Case Study

Making Accessibility Standard Practice

A multi-phase accessibility audit that surfaced 200+ issues and turned a one-time fix into a permanent part of how our team estimates and builds projects.

Client Oracle Consulting / PLCB
Role Accessibility Lead
Key Outcome 200+ accessibility issues resolved

The Challenge

Accessibility was an afterthought in our organization's process for too long. Despite the fact that we were building customer-facing web products for large organizations, accessibility compliance wasn't systematically factored into estimates, development workflows, or QA processes.

The PLCB project provided the catalyst to change that. I initiated and led a comprehensive accessibility audit as part of that engagement, with the explicit goal of not just fixing the immediate issues, but building a process that could be ported to future projects.

Output from the Oracle Accessibility Toolbar showing a list of accessibility violations

Output from Oracle's internal accessibility evaluation tool – one of several tools used during Phase 1 of the audit

The Audit Process

I structured the audit in two phases:

  • Phase 1 – Automated scanning: A member of the design team reviewed both the B2C and B2B PLCB sites using browser-based accessibility plugins.
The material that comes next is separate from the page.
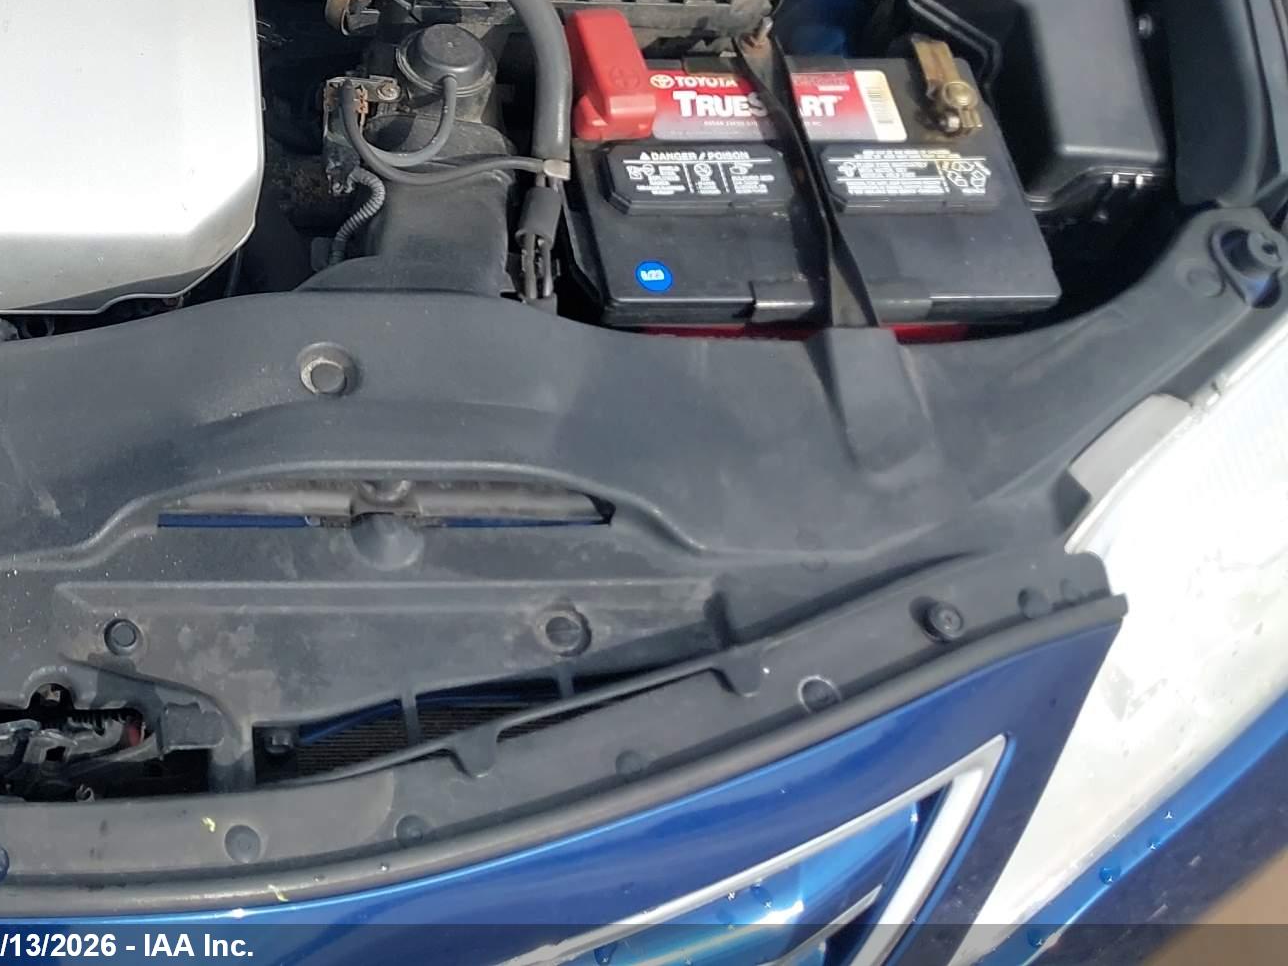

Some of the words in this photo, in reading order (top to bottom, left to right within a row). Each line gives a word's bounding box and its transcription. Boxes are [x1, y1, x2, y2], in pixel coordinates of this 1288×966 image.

[674, 75, 738, 88] TOYOTA
[650, 151, 698, 160] DANGER
[707, 151, 750, 160] POISON
This surface-level scan caught the most obvious issues – missing alt text, poor color contrast, unlabeled form fields – and gave us a baseline count.
  • Phase 2 – Manual screen reader review: Design and QA team members followed up with in-depth manual reviews using screen readers (VoiceOver on macOS and NVDA on Windows). This phase uncovered issues that automated tools miss entirely: unintended reading order, ambiguous link text, focus traps, interactive elements that weren't keyboard-accessible.

Every issue discovered was logged as a JIRA ticket – over 200 in total. We categorized them by severity and assigned them to the appropriate team for remediation across multiple release cycles.

Beyond the Audit: Building a Process

I led the development of two lasting process changes. First, we began org-wide accessibility training, including the "why" behind accessibility requirements as well as the how.

Second, I revised our project estimating process to include dedicated accessibility development and testing time on every new engagement. Previously, this work had been invisible in estimates – it either didn't happen or came out of development and QA's general time budget, which meant it got deprioritized. Now it has a line item.

What I Learned

The lesson from this project isn't really about accessibility specifically – it's about the need to continually push to build broader practice changes. Even after the success of this effort, subsequent accessibility estimates have been called into question by leadership. Having this success to remind everyone of the value properly addressing accessibility is a big step forward for our team.